Explanation of macros; Haskell macros

Joachim Durchholz joachim.durchholz at web.de
Mon Nov 3 17:37:49 CET 2003


Pascal Costanza wrote:
> 
> When you want to bind to a resource, you usually have to make sure that 
> you also unbind again later on. The standard pattern in many languages, 
> modulo syntactic variations, is this:
> 
> try: bind resource
>      do something
> finally: unbind resource
> 
> [...]
> 
> Now, this is admittedly not an example for a particularly sophisticated 
> protocol. Therefore, one of the usual gut reactions from people who are 
> not used to macros yet is "but I can do this with higher order functions!"

Indeed.

> However, what this example already shows is: The with-bound-resource 
> macro doesn't tell you anything about how it achieves its goals. Yes, 
> the natural way to implement this example is with a HOF, but you could 
> also use a completely different approach. _With macros you can build 
> abstractions that completely hide their implementation details._

I can completely hide implementation details with HOFs, too. At least 
for my personal definition of "completely" - macros might have a 
different idea of that.

> This becomes especially useful as soon as your protocols become more 
> sophisticated, and you need to insert instructions at arbitrary places 
> in the code being passed to a macro, or need to control evaluation of 
> the code being passed in some other details.

Inserting "at arbitrary places" seems rather unmodular to me.
Either the macro would have to know about the code that it's being used 
in, so that it can identify the places where to insert the code.
Or the code using the macro will have to pass information to the macro - 
which, in a HOF context, means that the code using the HOF approach will 
have to pass the code for "before the insertion point" and "after the 
insertion point" as separate parameters, and the HOF would do the 
necessary linkage between the two codes.
I'm not sure that macros offer a significant gain here.

> Because of this high level of expressive power that macros provide, 
> Common Lispers use them regularly even for simple things. You can 
> effectively write domain-specific abstractions that don't leak, and 
> therefore it is justified to use them even for simple protocols.

OK, but the same can be said for HOFs.
The question is: in what ways are macros superior to HOFs to accomplish 
this?

>> Um, well, yes, there is one thing that macros can do: extending syntax 
>> in ways that aren't part of the original language syntax. E.g. 
>> replacing all those parentheses by indentation, or something similar 
>> un-Lispish.
>> (Extending syntax in such ways is a mistake IMHO, but YMMV. Anyway, 
>> I'm more interested in the question if there's any /semantics/ that 
>> can be done via macros but not via compile-time evaluation.)
> 
> Compile-time evaluation is a red herring.
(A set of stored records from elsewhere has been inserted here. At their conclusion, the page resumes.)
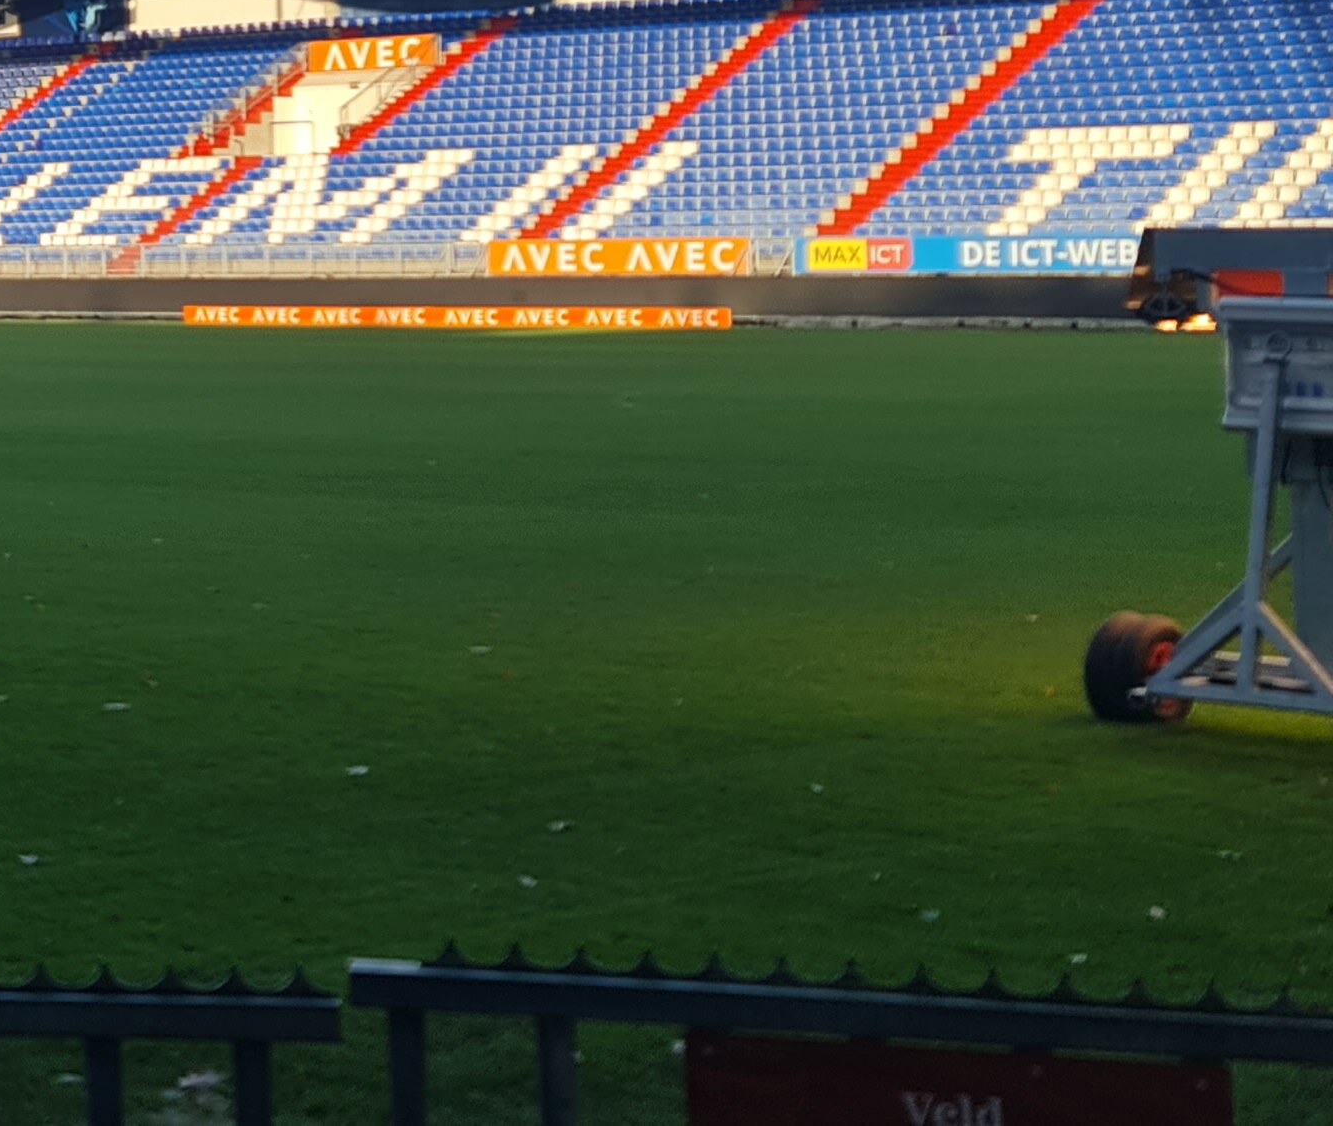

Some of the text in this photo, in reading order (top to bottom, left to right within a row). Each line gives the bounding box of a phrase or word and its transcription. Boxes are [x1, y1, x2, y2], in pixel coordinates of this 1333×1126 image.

[324, 38, 420, 70] AVEC
[501, 241, 735, 271] AVEC AVEC
[814, 245, 905, 264] MAX ICT
[961, 241, 1000, 266] DE
[194, 308, 718, 327] AVEC AVEC AVEC AVEC AVEC AVEC AVEC AVEC
[900, 1090, 1005, 1126] Veld
See it this way: Macros are a way to create blocks of code. HOFs that 
return functions do the same: they take a few functions (and possibly 
some value arguments), stick them together, and return the result. If 
the HOF is evaluated at compile time (something that I'd expect if both 
functions and values submitted to the HOF are constant), then you too 
have a mechanism that creates a block of code.
The working point is slightly farther down the pipeline: not at the 
abstract syntax level but at the semantics level (in practice, this 
would be somewhere around "decorated abstract syntax", SSA 
representation, basic blocks, or so).

 > Macros do their job by
> rewriting abstract syntax trees. (Lisp and macros go very well together 
> because in Lisp, you essentially program using a notation that maps 
> directly to an internal syntax tree, nearly without any parsing overhead.)

I agree that macros should work on the abstract syntax tree, not at the 
lexical level like the C/C++ preprocessor.
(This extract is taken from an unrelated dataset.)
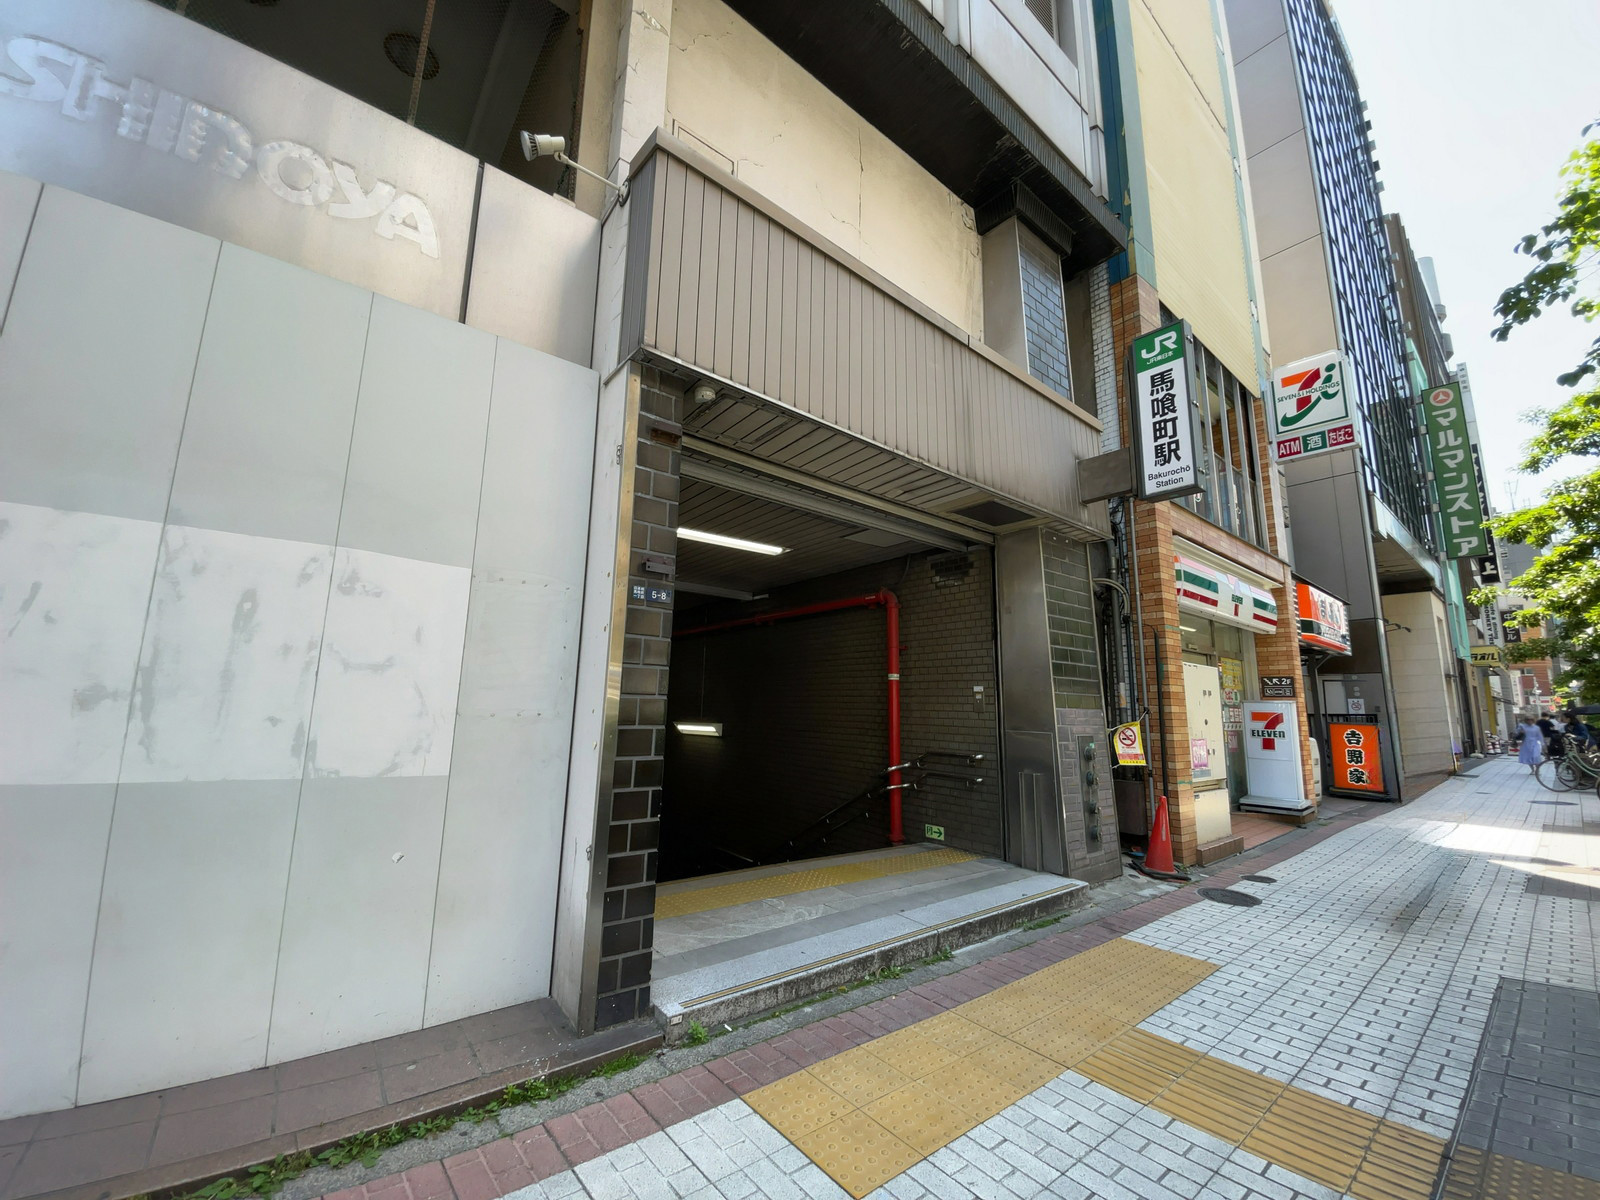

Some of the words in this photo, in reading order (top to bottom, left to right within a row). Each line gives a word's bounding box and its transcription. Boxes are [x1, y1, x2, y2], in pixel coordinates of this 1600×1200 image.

> Since the syntax tree is usually available at compile time, that's the 
> natural time to let macros do their job. However, in theory it wouldn't 
> be a problem to use macro expansion at runtime.

Hmm... it would be highly unpracticable, I'd think.

>> Does anybody have a keyword-style list of useful applications of the 
>> macro facilities?
> 
> Do you have a keyword-style list of useful applications of functions?

I think you forgot a smiley - at least, that question is entirely silly. 
If you have a real point to make, please make it explicit; I have too 
little time to devote to decoding your intents. (And if you don't want 
to spend time on trivialities, then please understand that I don't, too.)